LONDON — PR agency Unity has been acquired by Selbey Anderson, a new integrated marcoms group that has already made several marketing agency acquisitions in the past two years and has taken a majority stake in the agency.

Founder and CEO Gerry Hopkinson will continue to lead Unity, which he founded in 2005 with Nik Govier, who moved on at the end of 2017 and is now the founder and CEO of Blurred. The terms of the deal have not been disclosed.

Hopkinson told PRovoke Media: “I am 100% staying in place at the helm. I’m very mindful that I wanted to maintain the business: it’s not a sell-up and head off deal. It’s very much about business as usual, with added firepower.”

Selbey Anderson was established in 2018 by PR industry veterans Simon Quarendon – a former secretary general of ICCO – and Dominic Hawes. Since its foundation, the group has also bought PR agencies Flagship Consulting and Greentarget and digital agency Orckid, as well as founding B2B marketing agency Sharper and marketing business service provider Drum Horse.

Hopkinson said: “Unity is my baby and as it has grown-up it was inevitable that I would want to find the right investment partner and group to go forward with. I’ve known Simon and Dom for some years, so there was immediate rapport and mutual respect. The really important, crystallizing thing that we share is an absolute aligned vision of what a modern consultancy should be: built on strong management and capability, with the right investment to do the right things by clients and the business, a real belief in specialism and being really progressive.”

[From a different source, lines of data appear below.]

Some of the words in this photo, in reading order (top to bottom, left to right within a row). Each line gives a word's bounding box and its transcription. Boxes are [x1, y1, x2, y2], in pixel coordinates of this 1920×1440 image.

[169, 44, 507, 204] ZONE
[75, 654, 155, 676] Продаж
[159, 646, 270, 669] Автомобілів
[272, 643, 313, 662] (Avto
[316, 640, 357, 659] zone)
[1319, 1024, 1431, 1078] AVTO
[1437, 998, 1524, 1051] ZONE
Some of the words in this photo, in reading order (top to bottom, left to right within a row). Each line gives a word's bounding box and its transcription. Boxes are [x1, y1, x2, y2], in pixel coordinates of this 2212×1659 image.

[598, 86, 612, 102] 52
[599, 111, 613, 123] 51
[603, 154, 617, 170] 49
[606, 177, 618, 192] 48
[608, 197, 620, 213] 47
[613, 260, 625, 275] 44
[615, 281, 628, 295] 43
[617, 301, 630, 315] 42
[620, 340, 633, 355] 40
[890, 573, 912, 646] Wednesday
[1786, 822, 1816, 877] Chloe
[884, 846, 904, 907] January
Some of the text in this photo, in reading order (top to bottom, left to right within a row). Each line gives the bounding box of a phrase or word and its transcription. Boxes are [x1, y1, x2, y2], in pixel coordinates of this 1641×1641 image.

He said there were a number of advantages for the agency in having sold a majority stake to the marcomms group: “First and foremost this gives us the confidence and ability to go forward and build on the agency as it stands today, and access to a whole range of operational stuff, from finance to HR, and the smooth machinery of running a consultancy using technology and competent people in the background to allow Unity’s talent to focus on clients as much as pssible and delivering good things for them.

In addition, he said: “We’re now part of a group with a number of best-in-class specialist agencies, which is young, ambitious and growing rapidly, creating a cohort of management across its consultancies to share opportunities and ideas. We as an industry need to create new tools and platforms and services to address new challenges that brands and businesses face, and we can only do that if we come together to solve those problems.”

At Selbey Anderson, Hawes said: “2019 was about building capability in business-to-business marketing communications and revenue enablement. 2020 was going to be all about adding both brand marketing and communications capability, but Covid got in the way of that. Until now.

“Unity has an amazing pedigree. You don’t win that many awards without being quality to the core. Meeting Gerry and his team reinforced what we already knew by reputation, that this was a top-class agency. There aren’t that many great communications agencies who understand nuance and the tricky art of influencing behaviour. We saw it right away in Unity and knew that we’d have an exciting future together.”

Unity, which works with clients including AXA, Bayer, ADT, Freesat, Vue and OpenReach, made some redundancies due to the pandemic, although Hopkinson said the management team was going through the process of working out how to build on the current team and the agency would soon be back up to its January headcount of 20.

He said: “A flexible workforce is the future now. It’s been a tough ride, we’ve come through on the other side but we’ve taken our licks like everyone else.”